◆ Work instruction:
Reproduce the listing word for word. Skip any image.

-------- Source information --------

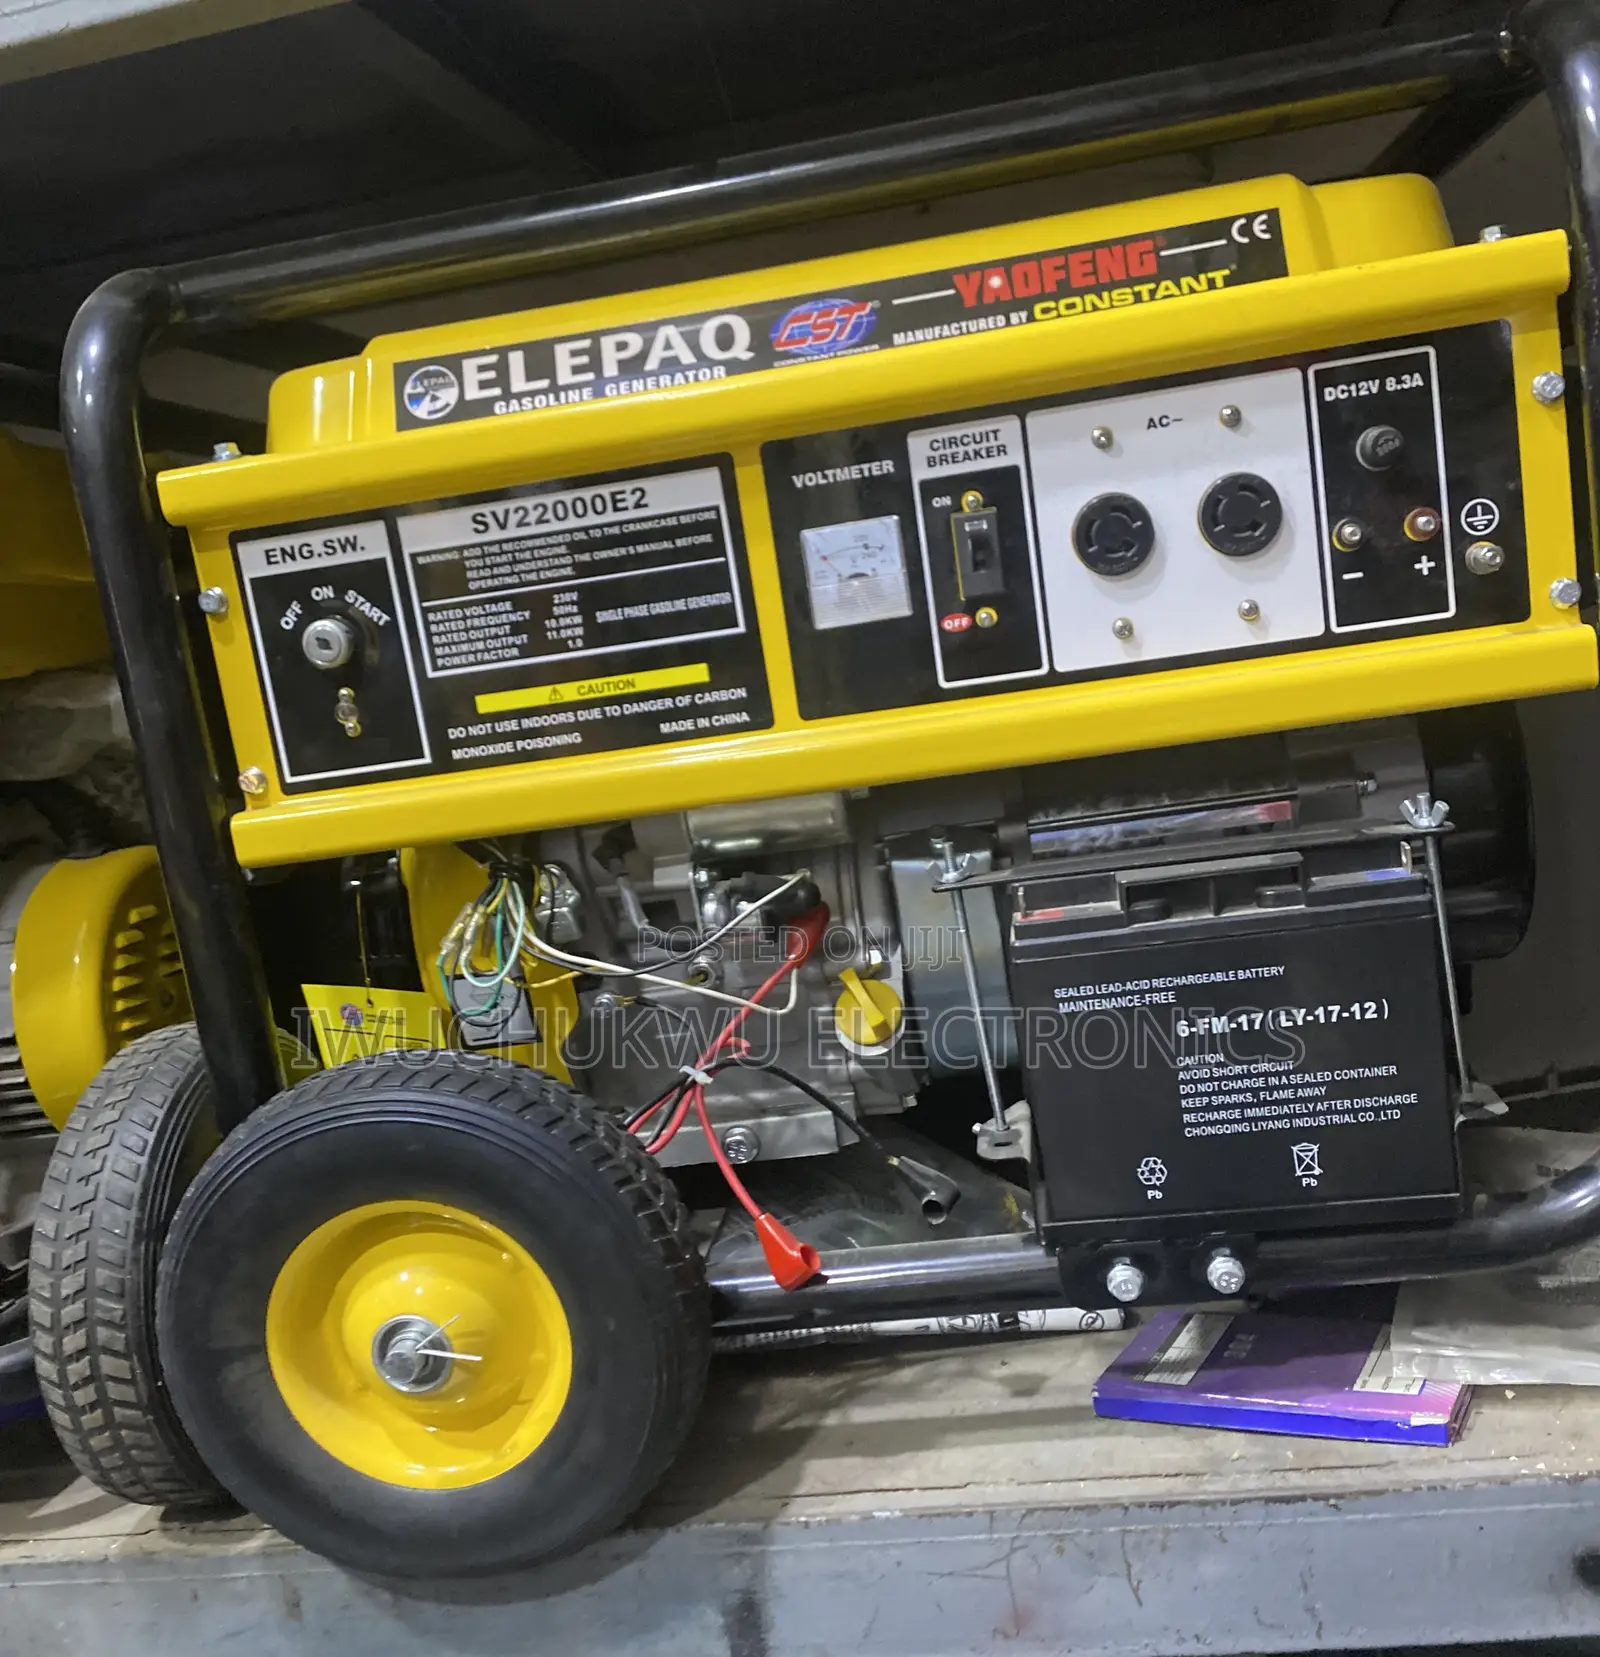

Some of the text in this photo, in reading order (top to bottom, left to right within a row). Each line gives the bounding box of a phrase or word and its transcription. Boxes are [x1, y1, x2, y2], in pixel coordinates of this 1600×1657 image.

[953, 240, 1159, 307] YAOFENG
[893, 267, 1231, 346] MANUFACTURED BY CONSTANT
[461, 314, 755, 401] ELEPAQ
[493, 365, 727, 416] GASOLINE GENERATOR
[1323, 371, 1424, 402] DC12V 8.3A
[929, 428, 1002, 452] CIRCUIT
[926, 443, 1008, 468] BREAKER
[791, 459, 895, 488] VOLTMETER
[471, 486, 649, 534] SV22000E2
[931, 495, 952, 508] ON
[264, 534, 366, 566] ENG.SW.
[311, 584, 335, 602] ON
[467, 574, 519, 590] OPERATING
[520, 572, 538, 583] THE
[279, 600, 303, 631] OFF
[344, 588, 391, 627] START
[427, 601, 513, 622] RATED VOLTAGE
[429, 611, 531, 634] RATED FREQUENCY
[943, 616, 969, 630] OFF
[432, 625, 511, 645] RATED OUTPUT
[434, 634, 529, 656] MAXIMUM OUTPUT
[436, 647, 520, 668] POWER FACTOR
[576, 678, 636, 697] CAUTION
[447, 687, 747, 740] DO NOT USE INDOORS DUE TO DANGER OF CARBON
[659, 711, 750, 734] MADE IN CHINA
[451, 732, 582, 760] MONOXIDE POISONING
[1053, 965, 1285, 999] SEALED LEAD-ACID RECHARGEABLE BATTERY
[1058, 991, 1176, 1014] MAINTENANCE-FREE
[1176, 1053, 1224, 1067] CAUTION
[1178, 1060, 1294, 1081] AVOID SHORT CIRCUIT
[1179, 1065, 1398, 1095] DO NOT CHARGE IN A SEALED CONTAINER
[1181, 1086, 1328, 1109] KEEP SPARKS, FLAME AWAY
[1183, 1093, 1419, 1124] RECHARGE IMMEDIATELY AFTER DISCHARGE
[1184, 1121, 1250, 1138] CHONGQING
[1251, 1118, 1290, 1132] LIYANG
[1292, 1112, 1357, 1129] INDUSTRIAL
[1147, 1188, 1163, 1200] Pb
[1301, 1177, 1318, 1188] Pb

--------

◆ Written answer:
Some of the text in this photo, in reading order (top to bottom, left to right within a row). Each line gives the bounding box of a phrase or word and its transcription. Boxes are [x1, y1, x2, y2], in pixel coordinates of this 1600×1657 image.

[953, 240, 1159, 307] YAOFENG
[893, 267, 1231, 346] MANUFACTURED BY CONSTANT
[461, 314, 755, 401] ELEPAQ
[493, 365, 727, 416] GASOLINE GENERATOR
[1323, 371, 1424, 402] DC12V 8.3A
[929, 428, 1002, 452] CIRCUIT
[926, 443, 1008, 468] BREAKER
[791, 459, 895, 488] VOLTMETER
[471, 486, 649, 534] SV22000E2
[931, 495, 952, 508] ON
[264, 534, 366, 566] ENG.SW.
[311, 584, 335, 602] ON
[467, 574, 519, 590] OPERATING
[520, 572, 538, 583] THE
[279, 600, 303, 631] OFF
[344, 588, 391, 627] START
[427, 601, 513, 622] RATED VOLTAGE
[429, 611, 531, 634] RATED FREQUENCY
[943, 616, 969, 630] OFF
[432, 625, 511, 645] RATED OUTPUT
[434, 634, 529, 656] MAXIMUM OUTPUT
[436, 647, 520, 668] POWER FACTOR
[576, 678, 636, 697] CAUTION
[447, 687, 747, 740] DO NOT USE INDOORS DUE TO DANGER OF CARBON
[659, 711, 750, 734] MADE IN CHINA
[451, 732, 582, 760] MONOXIDE POISONING
[1053, 965, 1285, 999] SEALED LEAD-ACID RECHARGEABLE BATTERY
[1058, 991, 1176, 1014] MAINTENANCE-FREE
[1176, 1053, 1224, 1067] CAUTION
[1178, 1060, 1294, 1081] AVOID SHORT CIRCUIT
[1179, 1065, 1398, 1095] DO NOT CHARGE IN A SEALED CONTAINER
[1181, 1086, 1328, 1109] KEEP SPARKS, FLAME AWAY
[1183, 1093, 1419, 1124] RECHARGE IMMEDIATELY AFTER DISCHARGE
[1184, 1121, 1250, 1138] CHONGQING
[1251, 1118, 1290, 1132] LIYANG
[1292, 1112, 1357, 1129] INDUSTRIAL
[1147, 1188, 1163, 1200] Pb
[1301, 1177, 1318, 1188] Pb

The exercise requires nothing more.